É curioso e admirável a Academia de Hollywood se despir das próprias convenções e resolver premiar um filme tímido e poderoso como “Moonlight”. Ouso em dizer que há 10 anos, uma produção como essa sequer teria espaço entre os indicados na categoria Melhor Filme, mas é notável que os votantes do Oscar, acompanhando o frescor criativo que o cinema independente injeta anualmente na indústria, se mostram cada vez mais interessados no que esses cineastas relativamente desconhecidos e de cunho autoral têm a dizer.

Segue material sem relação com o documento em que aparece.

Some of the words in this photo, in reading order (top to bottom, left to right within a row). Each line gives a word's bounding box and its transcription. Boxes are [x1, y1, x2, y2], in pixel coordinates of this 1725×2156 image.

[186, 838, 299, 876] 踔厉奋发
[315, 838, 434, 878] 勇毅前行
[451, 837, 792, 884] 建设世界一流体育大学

Nem só de blockbusters vive o cinemão hollywoodiano, oras.

Nessa temporada de prêmios, os olhos de todos se voltaram para o jovem Barry Jenkins, 36 anos. Com vários curtas-metragens no currículo e somente um longa – sequer foi exibido no Brasil –, “Moonlight” é o seu segundo filme e já o carimba como um dos diretores mais interessantes para se acompanhar em atividade nos Estados Unidos. Com clara influência do chinês Wong Kar-Wai e lampejos inventivos da francesa Claire Denis, Jenkins importa tanto sentimento e poesia à forma que narra suas histórias que é impossível se sentir indiferente. É brilhante o tato da direção em transformar uma narrativa comum em uma grande história de autodescoberta, manter-se coerente do início ao fim e ainda encontrar brechas para incluir passagens elegantes, reflexivas, sinestésicas. “Moonlight” é cinema de observação, é cinema de olhares.

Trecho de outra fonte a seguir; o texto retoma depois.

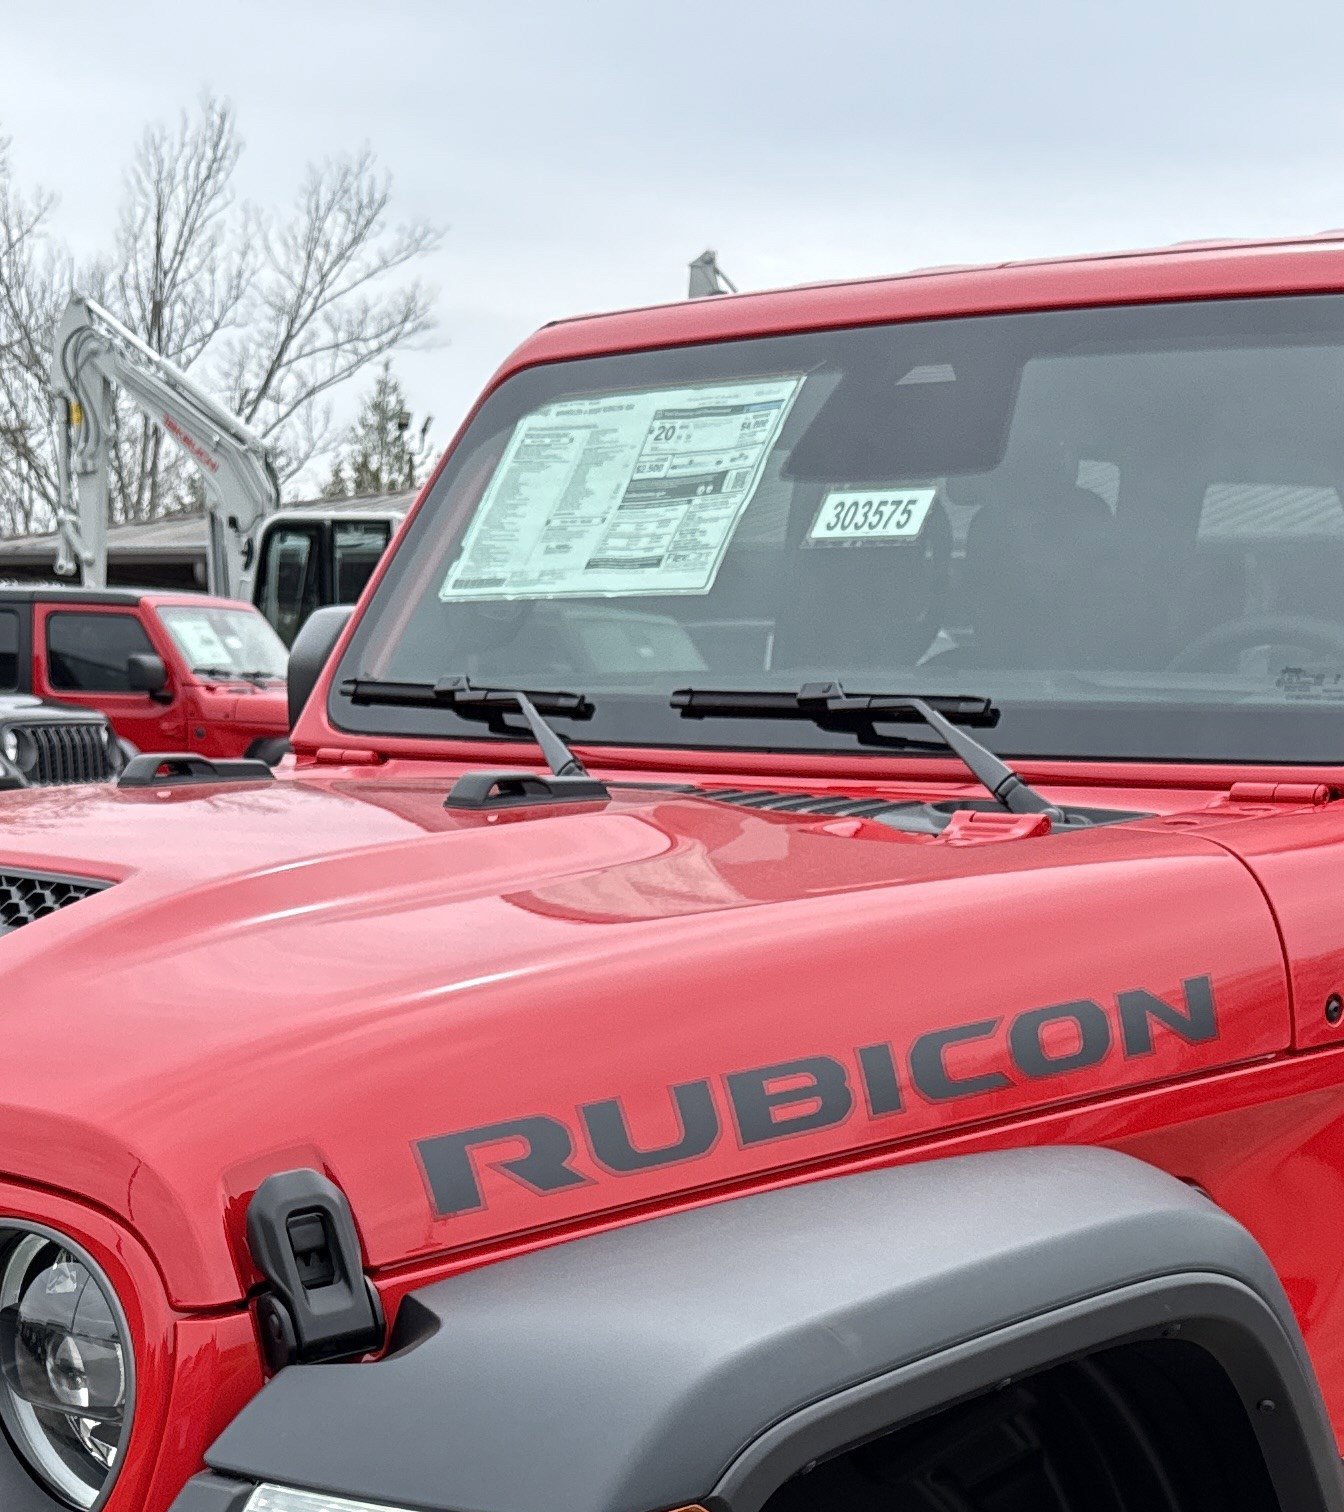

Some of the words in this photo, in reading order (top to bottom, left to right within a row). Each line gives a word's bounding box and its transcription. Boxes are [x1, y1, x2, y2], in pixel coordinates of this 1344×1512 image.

Aliado à direção, temos um enredo enxuto e fabuloso, não à toa vencedor da estatueta de Melhor Roteiro Adaptado. “Moonlight” acompanha três fases da vida de Chiron, um garoto negro e morador da periferia de Miami que precisa conviver com diversas adversidades: na infância, o bullying crescente e a solidão; na adolescência, os maus tratos da mãe viciada em drogas; na fase adulta, a tentação de não cair no submundo do tráfico. Uma história banal, cotidiana, que se não tivesse a abordagem especial que recebeu, seria um filme que provavelmente passaria despercebido.

E chegamos ao elenco. Falar do elenco de “Moonlight” é covardia porque cada atuação desse filme merecia um texto à parte, tamanho o cuidado dos atores em compor seus personagens. Impressiona a sintonia dos três intérpretes do protagonista na forma como cada um captou bem e internalizou as angústias do rapaz. Mais difícil do que colocar pra fora, explodir, é internalizar alguma dor que nem é sua e se manter convincente. Além desses exímios atores, é necessário destacar o elenco coadjuvante composto por Mahershala Ali (vencedor do Oscar) por um papel extraordinário; a jovem Naomi Harris, mais conhecida pelos filmes do agente James Bond, na pele da mãe cracuda que exibe um estranho jeito de demonstrar afeto pelo filho; e o ótimo Andre Holland, contraponto necessário no terceiro ato da trama.

Com seu olhar poético e sensível – dois atributos raros no cinema cada vez mais expositivo de hoje em dia – “Moonlight” coloca seu personagem central em perspectiva e oferece uma jornada intimista que comove pela honestidade. É um dos filmes mais bonitos que você verá neste ano, pode anotar.